*** Opening of The data ***

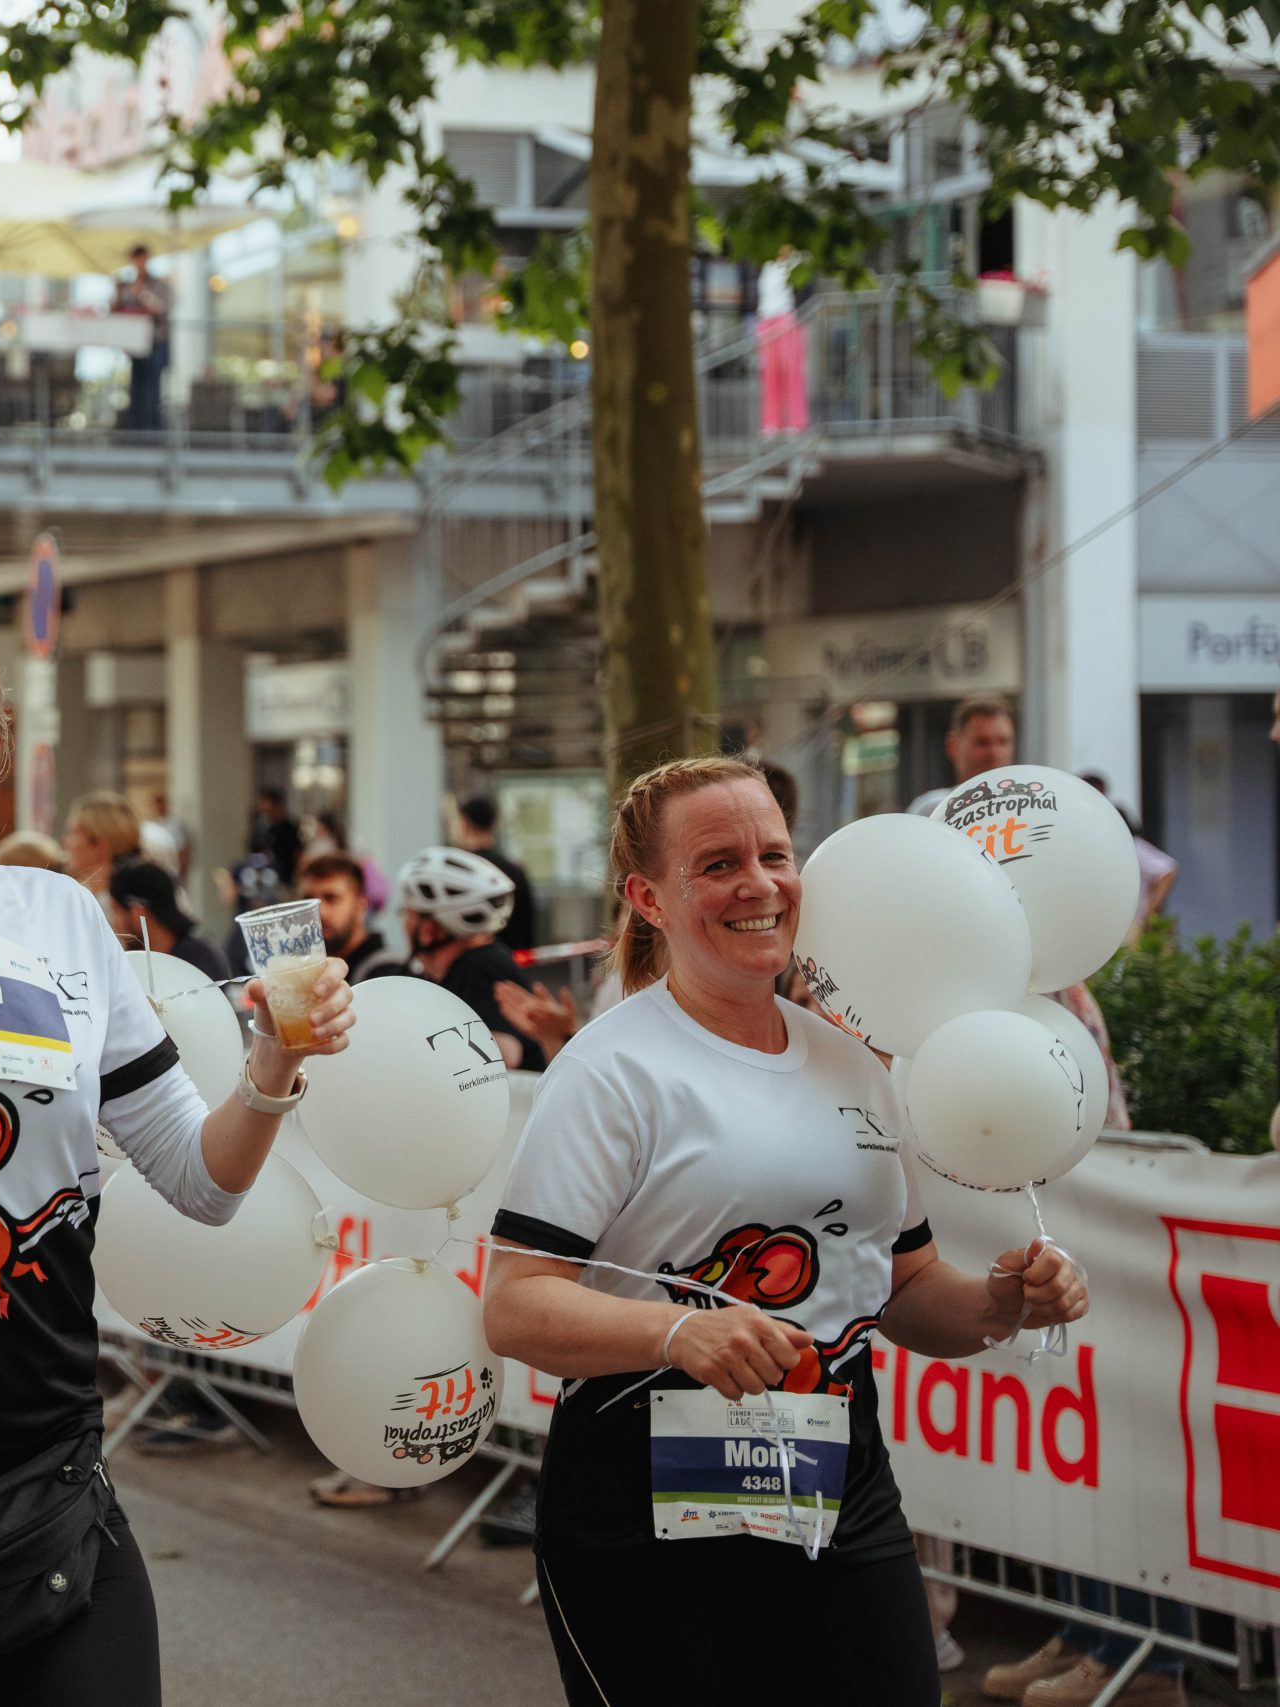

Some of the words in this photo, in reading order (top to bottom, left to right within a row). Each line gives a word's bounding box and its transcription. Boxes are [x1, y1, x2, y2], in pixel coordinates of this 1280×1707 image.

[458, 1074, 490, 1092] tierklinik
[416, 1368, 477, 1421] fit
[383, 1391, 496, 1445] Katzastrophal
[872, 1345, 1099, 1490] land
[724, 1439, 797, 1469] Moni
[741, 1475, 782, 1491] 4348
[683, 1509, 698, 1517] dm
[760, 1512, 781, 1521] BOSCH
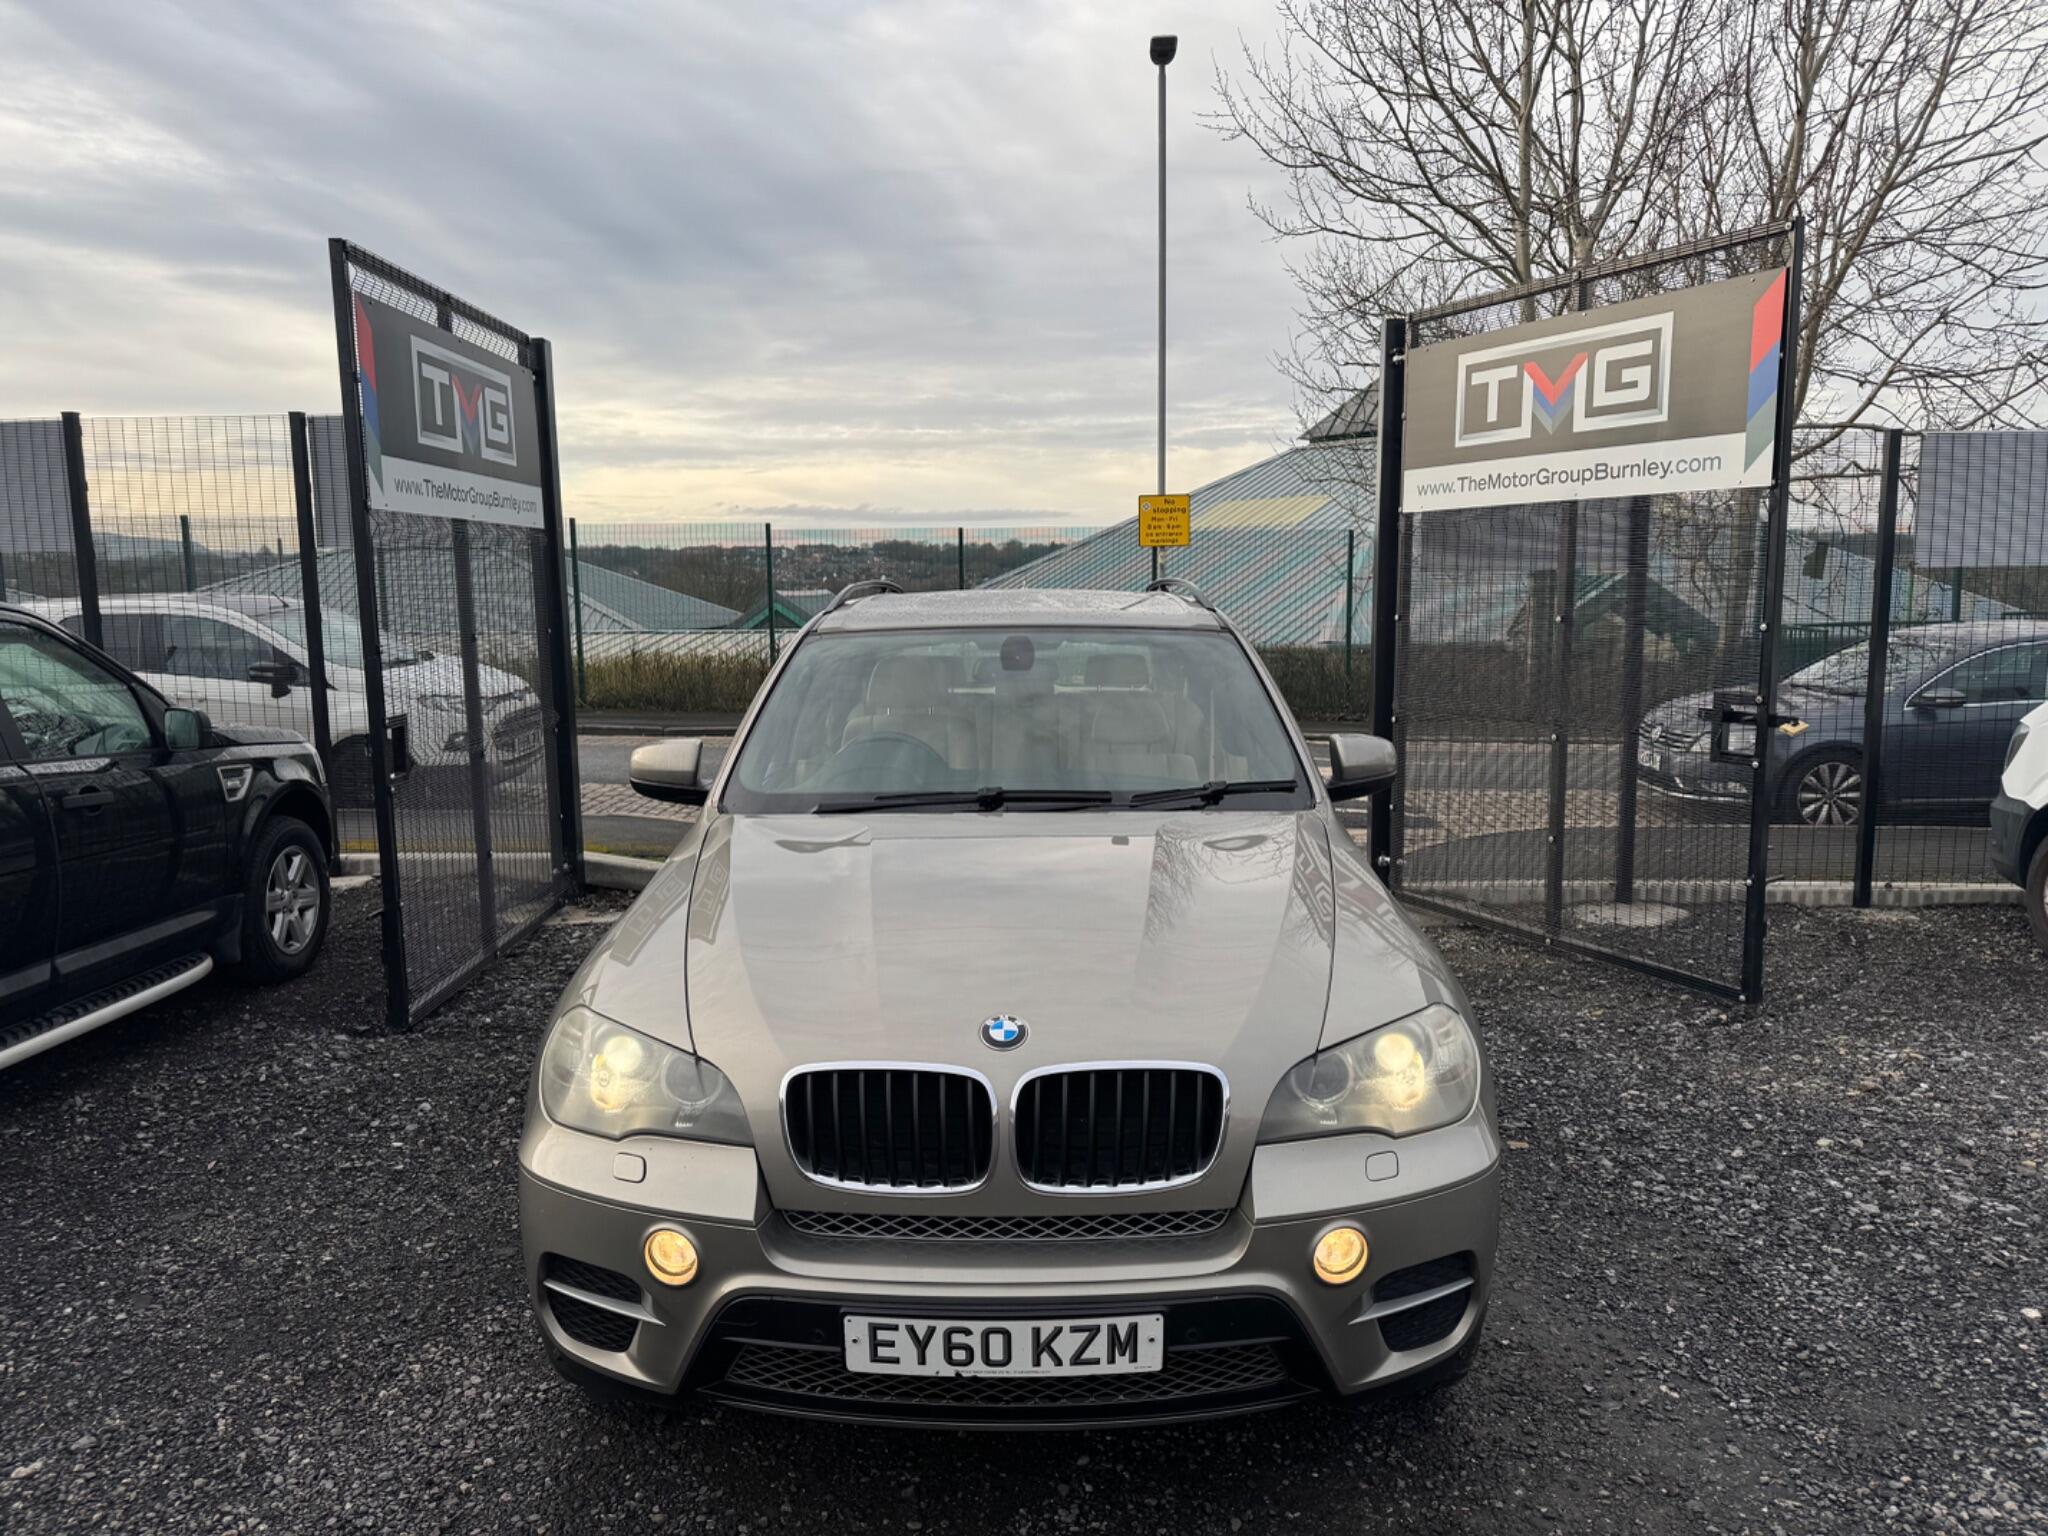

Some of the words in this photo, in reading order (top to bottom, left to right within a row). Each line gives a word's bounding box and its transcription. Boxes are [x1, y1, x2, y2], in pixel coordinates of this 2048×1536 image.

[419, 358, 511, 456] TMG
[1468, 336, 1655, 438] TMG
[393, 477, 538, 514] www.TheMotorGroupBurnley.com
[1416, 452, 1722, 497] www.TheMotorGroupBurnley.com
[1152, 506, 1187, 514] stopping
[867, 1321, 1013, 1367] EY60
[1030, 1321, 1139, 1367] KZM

*** Close of The data ***

Assignment:
Would you provide an exact, picture-free copy of the data above?

Written solution:
Some of the words in this photo, in reading order (top to bottom, left to right within a row). Each line gives a word's bounding box and its transcription. Boxes are [x1, y1, x2, y2], in pixel coordinates of this 1280×1707 image.

[458, 1074, 490, 1092] tierklinik
[416, 1368, 477, 1421] fit
[383, 1391, 496, 1445] Katzastrophal
[872, 1345, 1099, 1490] land
[724, 1439, 797, 1469] Moni
[741, 1475, 782, 1491] 4348
[683, 1509, 698, 1517] dm
[760, 1512, 781, 1521] BOSCH

Some of the words in this photo, in reading order (top to bottom, left to right within a row). Each line gives a word's bounding box and its transcription. Boxes are [x1, y1, x2, y2], in pixel coordinates of this 2048×1536 image.

[419, 358, 511, 456] TMG
[1468, 336, 1655, 438] TMG
[393, 477, 538, 514] www.TheMotorGroupBurnley.com
[1416, 452, 1722, 497] www.TheMotorGroupBurnley.com
[1152, 506, 1187, 514] stopping
[867, 1321, 1013, 1367] EY60
[1030, 1321, 1139, 1367] KZM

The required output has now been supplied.